Inspirés de la nature méditerranéenne, ces produits à base de miel, d’huile d’olive, de plantes et d’arômes locaux séduisent une clientèle jeune, connectée et consciente des enjeux environnementaux.

Les pharmacies et boutiques de beauté locales affichent désormais fièrement la mention « Proudly Made in Lebanon », symbole d’un renouveau cosmétique durable et responsable.

La mode locale comme déclaration d’identité

La scène de la mode libanaise n’est pas en reste.

Des créatrices comme Sarah’s Bag, Vanina, ou Bokja transforment le chaos ambiant en source d’inspiration.

Leurs collections, faites à la main et portées dans les défilés de Paris à Dubaï, racontent l’histoire d’un pays qui résiste par la beauté.

Ces marques mêlent artisanat, recyclage et empowerment féminin.

Elles prouvent que le « Made in Lebanon » peut être synonyme de luxe et de conscience sociale.

Chaque sac, chaque bijou devient un manifeste : acheter libanais, c’est aussi porter le Liban.

Des défis bien réels

Pourtant, le chemin reste semé d’embûches.

Les entrepreneurs locaux affrontent des coupures d’électricité, une inflation incontrôlable, et un manque criant de soutien public.

Les coûts de production montent, les exportations peinent, et la concurrence régionale reste rude.

Sans politiques économiques adaptées, le mouvement « Acheter libanais » repose encore largement sur la solidarité et l’initiative citoyenne.

Une nouvelle culture de consommation

Le phénomène dépasse désormais le cadre économique.

Acheter libanais, c’est revendiquer une appartenance, affirmer une identité, et soutenir une communauté.

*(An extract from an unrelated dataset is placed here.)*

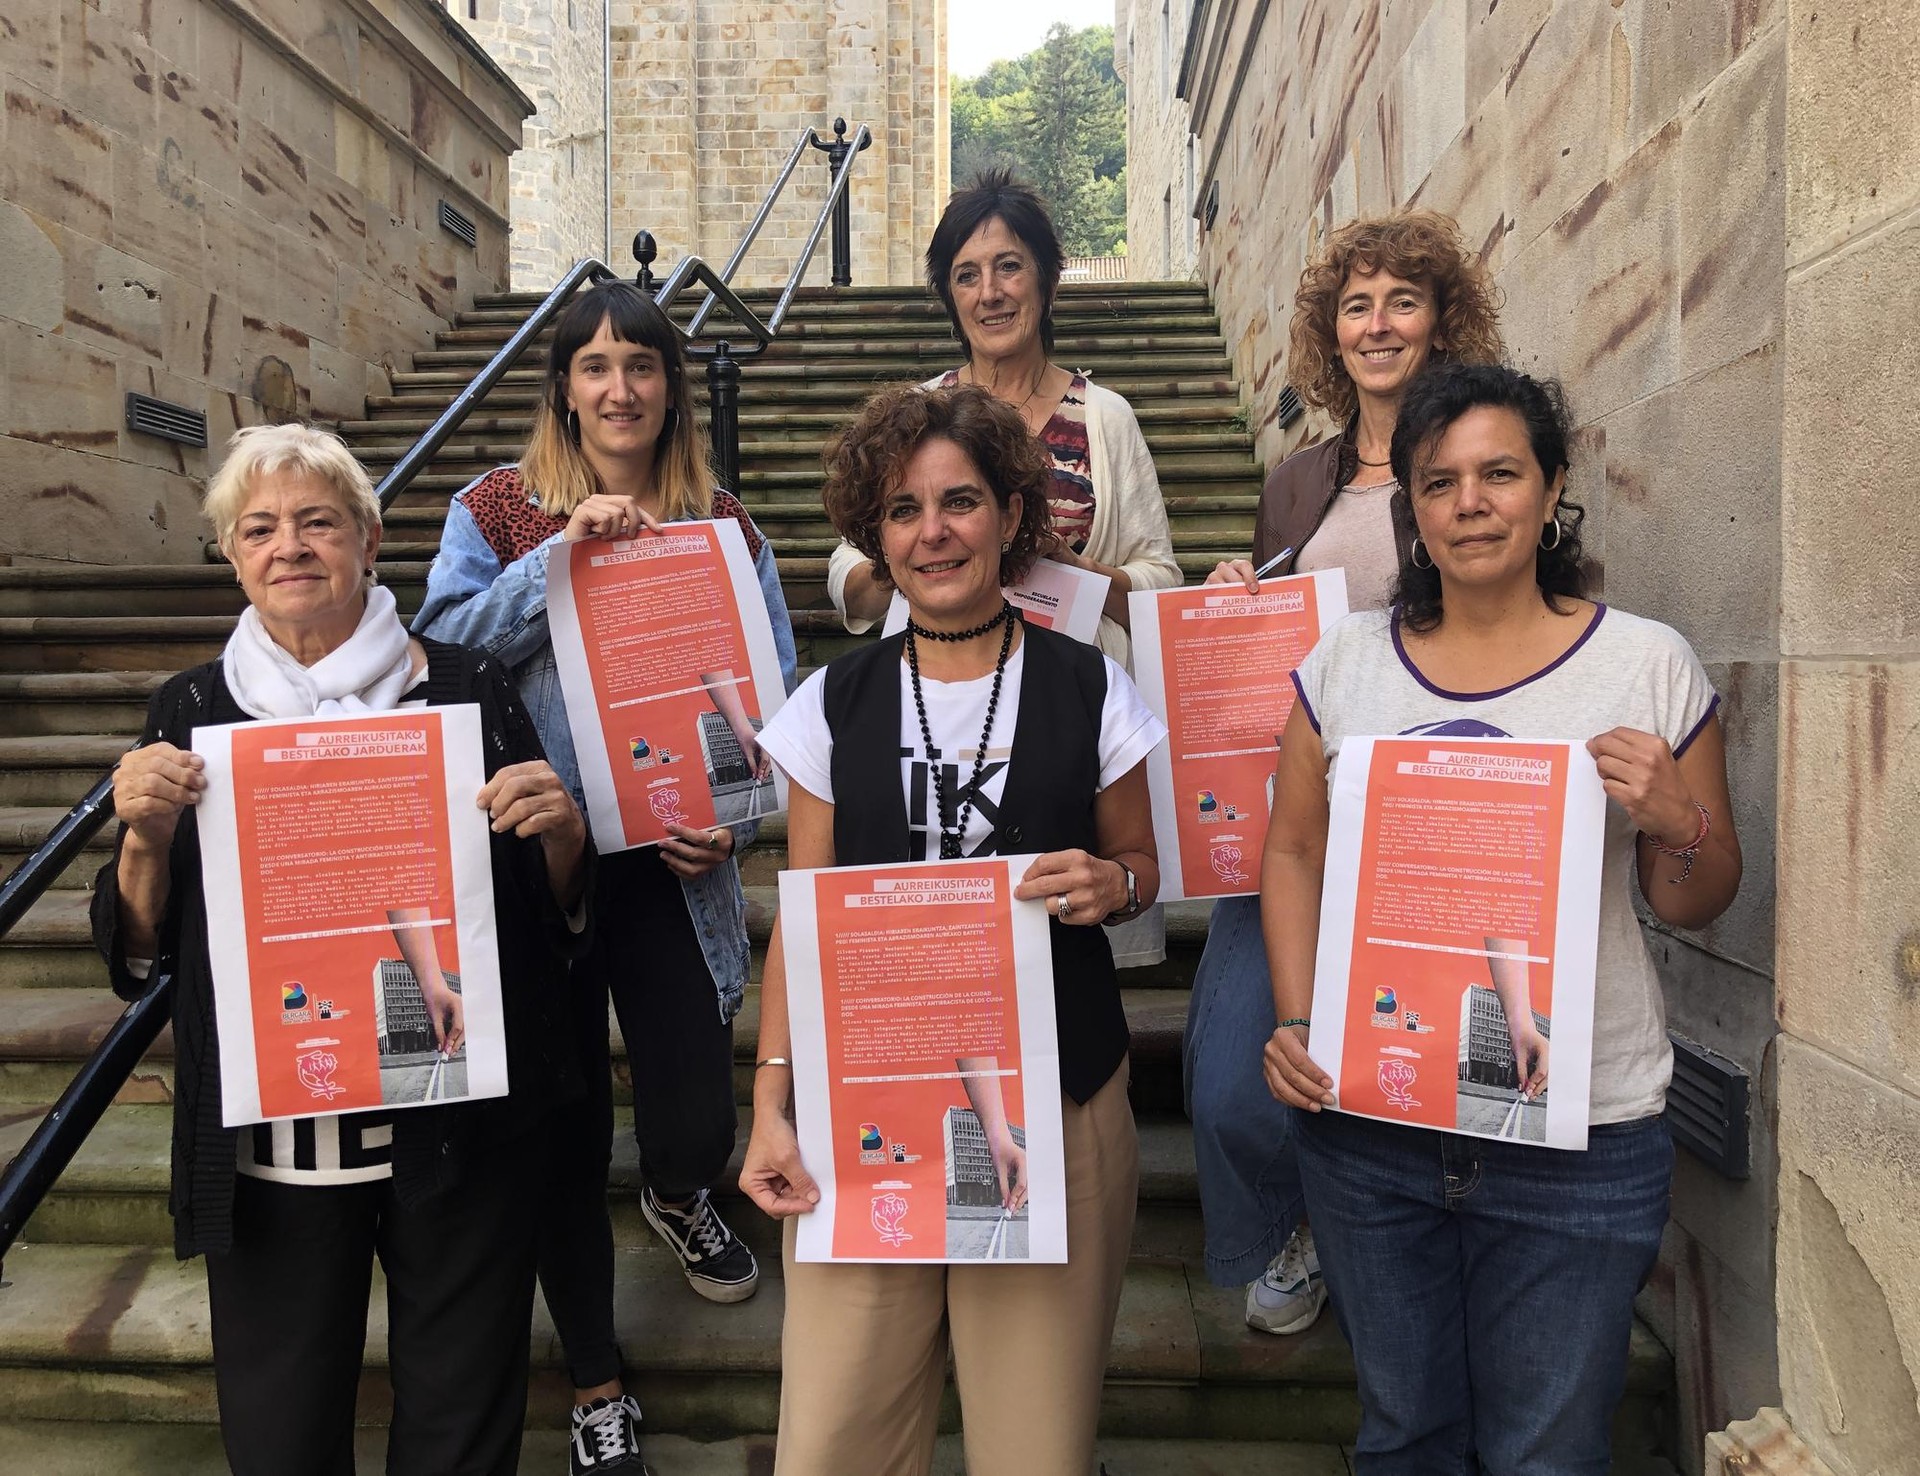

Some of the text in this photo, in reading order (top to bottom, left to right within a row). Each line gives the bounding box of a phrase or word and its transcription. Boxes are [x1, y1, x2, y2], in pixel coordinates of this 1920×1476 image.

C’est aussi une forme d’écologie quotidienne : moins d’importations, plus de circuits courts, plus de lien humain.

Les jeunes, notamment ceux de la diaspora, sont les premiers ambassadeurs de cette révolution silencieuse.

Sur Instagram, des hashtags comme #BuyLebanese, #SupportLocal, ou #ProudlyMadeInLebanon se multiplient.

Entre les photos de plats traditionnels revisités et les looks signés de créateurs locaux, une nouvelle esthétique libanaise voit le jour: fière, résiliente, et résolument moderne.

Plus qu’un choix, un acte de résistance

Dans un pays où tout semble précaire, consommer local est devenu un acte de résistance douce, mais puissante.

C’est refuser de subir, choisir de construire, et croire encore à un avenir fait de travail, de créativité et de solidarité.

Le « Made in Lebanon » n’est pas un simple label.

C’est un symbole d’espoir collectif, une manière de réaffirmer la valeur du travail local dans un contexte mondial incertain.

Acheter libanais, c’est redonner du sens à la consommation, et replacer le citoyen au cœur de l’économie.